Libby, Mont., meets federal air quality standard
Release Date: 10/08/2009
Contact Information: Catherine Roberts, EPA, 303-312-6025
Recent data shows air quality improvement in Libby
(Denver, Colo. – October 8, 2009) Montana Governor Brian Schweitzer was notified today of the U.S. Environmental Protection Agency’s decision to designate Libby, Mont., as an attainment area. Based on recent air quality data, the Libby area is meeting the revised 24-hour fine particle (PM2.5) air quality standard.
EPA sent letters to Governors and Tribal leaders in August 2008 outlining the areas that did not meet the federal health-based fine particle air quality standard and invited comments for consideration. EPA evaluated the comments and additional data submitted before making these final decisions.
In December 2008, after closely reviewing recommendations from states and tribes along with public comments, EPA identified attainment and nonattainment areas based on air quality monitoring data from 2005 through 2007. The December 2008 designations were never published in the Federal Register and have been under review. Because the 2008 air quality data is the most recent, EPA used this data to make final designations.
The Libby area of Montana was violating the 24-hour PM2.5 federal standard according to state-validated air quality monitoring data for the previous three years, 2005 thru 2007. The data for the most recent three years (2006, 2007 and 2008) showed that the area was meeting the standard.

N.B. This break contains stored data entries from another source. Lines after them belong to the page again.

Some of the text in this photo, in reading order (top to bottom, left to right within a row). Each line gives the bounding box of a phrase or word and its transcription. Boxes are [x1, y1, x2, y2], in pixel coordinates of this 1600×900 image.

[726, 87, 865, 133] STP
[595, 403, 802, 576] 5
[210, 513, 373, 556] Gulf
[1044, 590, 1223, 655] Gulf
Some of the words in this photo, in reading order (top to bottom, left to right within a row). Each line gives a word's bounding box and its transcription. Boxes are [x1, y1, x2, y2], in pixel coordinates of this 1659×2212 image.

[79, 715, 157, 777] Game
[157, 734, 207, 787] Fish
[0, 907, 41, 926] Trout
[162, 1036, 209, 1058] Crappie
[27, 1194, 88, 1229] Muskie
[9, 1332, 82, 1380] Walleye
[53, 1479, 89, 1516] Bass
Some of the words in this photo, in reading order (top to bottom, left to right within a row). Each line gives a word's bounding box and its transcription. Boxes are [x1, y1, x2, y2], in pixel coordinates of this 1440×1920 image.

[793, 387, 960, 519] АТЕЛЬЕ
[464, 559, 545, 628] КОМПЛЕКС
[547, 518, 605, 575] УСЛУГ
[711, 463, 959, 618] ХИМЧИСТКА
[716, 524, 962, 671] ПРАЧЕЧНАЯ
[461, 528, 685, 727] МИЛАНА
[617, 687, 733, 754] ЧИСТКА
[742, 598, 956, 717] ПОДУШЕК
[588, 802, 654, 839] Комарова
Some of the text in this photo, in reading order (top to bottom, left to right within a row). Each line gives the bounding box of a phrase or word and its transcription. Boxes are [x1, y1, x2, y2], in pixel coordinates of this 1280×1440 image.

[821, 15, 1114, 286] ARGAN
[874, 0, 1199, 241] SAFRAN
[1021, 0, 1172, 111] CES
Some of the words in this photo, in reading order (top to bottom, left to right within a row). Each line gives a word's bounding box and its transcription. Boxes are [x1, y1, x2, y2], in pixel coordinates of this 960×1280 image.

"This is good news for the Libby citizens who have worked hard to reduce emissions of PM2.5” said Carol Rushin, Region 8's Acting Regional Administrator. "The measures that have been taken to control PM2.5 have brought cleaner air to Libby."
PM2.5 -- approximately 1/30th the size of an average human hair -- can aggravate heart and lung diseases and has been associated with a variety of serious health problems including heart attacks, chronic bronchitis and asthma. Sources of PM2.5 include fuel combustion from wood burning, gasoline automobiles, diesel-powered vehicles such as trucks and busses, power plants and industrial processes. In September 2006, EPA dramatically strengthened the fine particle standards to protect public health, tightening the 24-hour standard from 65 to 35 micrograms per cubic meter.